Action item -
Exactly as they stand, write out all of the entries again.

======== Data in this exercise ========

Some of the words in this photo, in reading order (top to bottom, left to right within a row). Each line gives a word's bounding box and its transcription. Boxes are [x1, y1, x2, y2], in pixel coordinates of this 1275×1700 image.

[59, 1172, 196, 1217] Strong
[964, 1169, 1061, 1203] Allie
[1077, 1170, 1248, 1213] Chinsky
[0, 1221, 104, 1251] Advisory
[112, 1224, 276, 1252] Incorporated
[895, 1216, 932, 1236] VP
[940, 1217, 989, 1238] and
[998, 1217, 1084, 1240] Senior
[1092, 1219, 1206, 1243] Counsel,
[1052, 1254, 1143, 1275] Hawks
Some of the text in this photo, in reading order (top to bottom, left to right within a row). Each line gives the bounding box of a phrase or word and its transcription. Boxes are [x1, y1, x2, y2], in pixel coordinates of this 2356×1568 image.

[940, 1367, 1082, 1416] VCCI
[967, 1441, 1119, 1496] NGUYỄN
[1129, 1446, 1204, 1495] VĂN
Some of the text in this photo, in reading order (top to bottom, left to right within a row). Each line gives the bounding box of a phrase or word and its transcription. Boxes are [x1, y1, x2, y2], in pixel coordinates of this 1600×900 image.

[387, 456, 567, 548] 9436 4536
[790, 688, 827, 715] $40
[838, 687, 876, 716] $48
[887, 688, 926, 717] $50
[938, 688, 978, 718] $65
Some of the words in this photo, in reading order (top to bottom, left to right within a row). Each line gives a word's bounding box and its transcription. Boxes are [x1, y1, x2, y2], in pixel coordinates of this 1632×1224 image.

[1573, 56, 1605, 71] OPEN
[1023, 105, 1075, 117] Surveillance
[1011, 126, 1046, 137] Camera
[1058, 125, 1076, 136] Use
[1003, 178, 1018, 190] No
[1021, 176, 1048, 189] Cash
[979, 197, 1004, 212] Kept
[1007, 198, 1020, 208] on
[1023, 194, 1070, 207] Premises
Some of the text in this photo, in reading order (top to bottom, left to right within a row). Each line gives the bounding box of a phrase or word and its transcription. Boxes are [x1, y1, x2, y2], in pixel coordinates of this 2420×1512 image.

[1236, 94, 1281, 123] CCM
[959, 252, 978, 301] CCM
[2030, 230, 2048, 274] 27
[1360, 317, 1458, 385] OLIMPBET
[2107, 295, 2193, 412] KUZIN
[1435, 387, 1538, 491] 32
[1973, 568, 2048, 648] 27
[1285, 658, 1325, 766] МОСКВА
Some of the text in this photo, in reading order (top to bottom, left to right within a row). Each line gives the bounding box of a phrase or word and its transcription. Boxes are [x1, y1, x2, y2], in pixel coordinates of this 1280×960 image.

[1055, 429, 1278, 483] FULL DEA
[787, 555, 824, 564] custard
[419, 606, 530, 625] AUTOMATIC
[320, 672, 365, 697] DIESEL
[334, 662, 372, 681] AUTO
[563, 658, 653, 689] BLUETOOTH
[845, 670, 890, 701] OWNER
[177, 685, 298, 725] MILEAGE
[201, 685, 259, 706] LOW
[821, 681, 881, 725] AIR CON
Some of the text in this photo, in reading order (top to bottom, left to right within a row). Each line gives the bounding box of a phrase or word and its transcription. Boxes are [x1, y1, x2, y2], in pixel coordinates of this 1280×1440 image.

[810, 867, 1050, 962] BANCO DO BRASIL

========

Exercise output -
Some of the words in this photo, in reading order (top to bottom, left to right within a row). Each line gives a word's bounding box and its transcription. Boxes are [x1, y1, x2, y2], in pixel coordinates of this 1275×1700 image.

[59, 1172, 196, 1217] Strong
[964, 1169, 1061, 1203] Allie
[1077, 1170, 1248, 1213] Chinsky
[0, 1221, 104, 1251] Advisory
[112, 1224, 276, 1252] Incorporated
[895, 1216, 932, 1236] VP
[940, 1217, 989, 1238] and
[998, 1217, 1084, 1240] Senior
[1092, 1219, 1206, 1243] Counsel,
[1052, 1254, 1143, 1275] Hawks
Some of the text in this photo, in reading order (top to bottom, left to right within a row). Each line gives the bounding box of a phrase or word and its transcription. Boxes are [x1, y1, x2, y2], in pixel coordinates of this 2356×1568 image.

[940, 1367, 1082, 1416] VCCI
[967, 1441, 1119, 1496] NGUYỄN
[1129, 1446, 1204, 1495] VĂN
Some of the text in this photo, in reading order (top to bottom, left to right within a row). Each line gives the bounding box of a phrase or word and its transcription. Boxes are [x1, y1, x2, y2], in pixel coordinates of this 1600×900 image.

[387, 456, 567, 548] 9436 4536
[790, 688, 827, 715] $40
[838, 687, 876, 716] $48
[887, 688, 926, 717] $50
[938, 688, 978, 718] $65
Some of the words in this photo, in reading order (top to bottom, left to right within a row). Each line gives a word's bounding box and its transcription. Boxes are [x1, y1, x2, y2], in pixel coordinates of this 1632×1224 image.

[1573, 56, 1605, 71] OPEN
[1023, 105, 1075, 117] Surveillance
[1011, 126, 1046, 137] Camera
[1058, 125, 1076, 136] Use
[1003, 178, 1018, 190] No
[1021, 176, 1048, 189] Cash
[979, 197, 1004, 212] Kept
[1007, 198, 1020, 208] on
[1023, 194, 1070, 207] Premises
Some of the text in this photo, in reading order (top to bottom, left to right within a row). Each line gives the bounding box of a phrase or word and its transcription. Boxes are [x1, y1, x2, y2], in pixel coordinates of this 2420×1512 image.

[1236, 94, 1281, 123] CCM
[959, 252, 978, 301] CCM
[2030, 230, 2048, 274] 27
[1360, 317, 1458, 385] OLIMPBET
[2107, 295, 2193, 412] KUZIN
[1435, 387, 1538, 491] 32
[1973, 568, 2048, 648] 27
[1285, 658, 1325, 766] МОСКВА
Some of the text in this photo, in reading order (top to bottom, left to right within a row). Each line gives the bounding box of a phrase or word and its transcription. Boxes are [x1, y1, x2, y2], in pixel coordinates of this 1280×960 image.

[1055, 429, 1278, 483] FULL DEA
[787, 555, 824, 564] custard
[419, 606, 530, 625] AUTOMATIC
[320, 672, 365, 697] DIESEL
[334, 662, 372, 681] AUTO
[563, 658, 653, 689] BLUETOOTH
[845, 670, 890, 701] OWNER
[177, 685, 298, 725] MILEAGE
[201, 685, 259, 706] LOW
[821, 681, 881, 725] AIR CON
Some of the text in this photo, in reading order (top to bottom, left to right within a row). Each line gives the bounding box of a phrase or word and its transcription. Boxes are [x1, y1, x2, y2], in pixel coordinates of this 1280×1440 image.

[810, 867, 1050, 962] BANCO DO BRASIL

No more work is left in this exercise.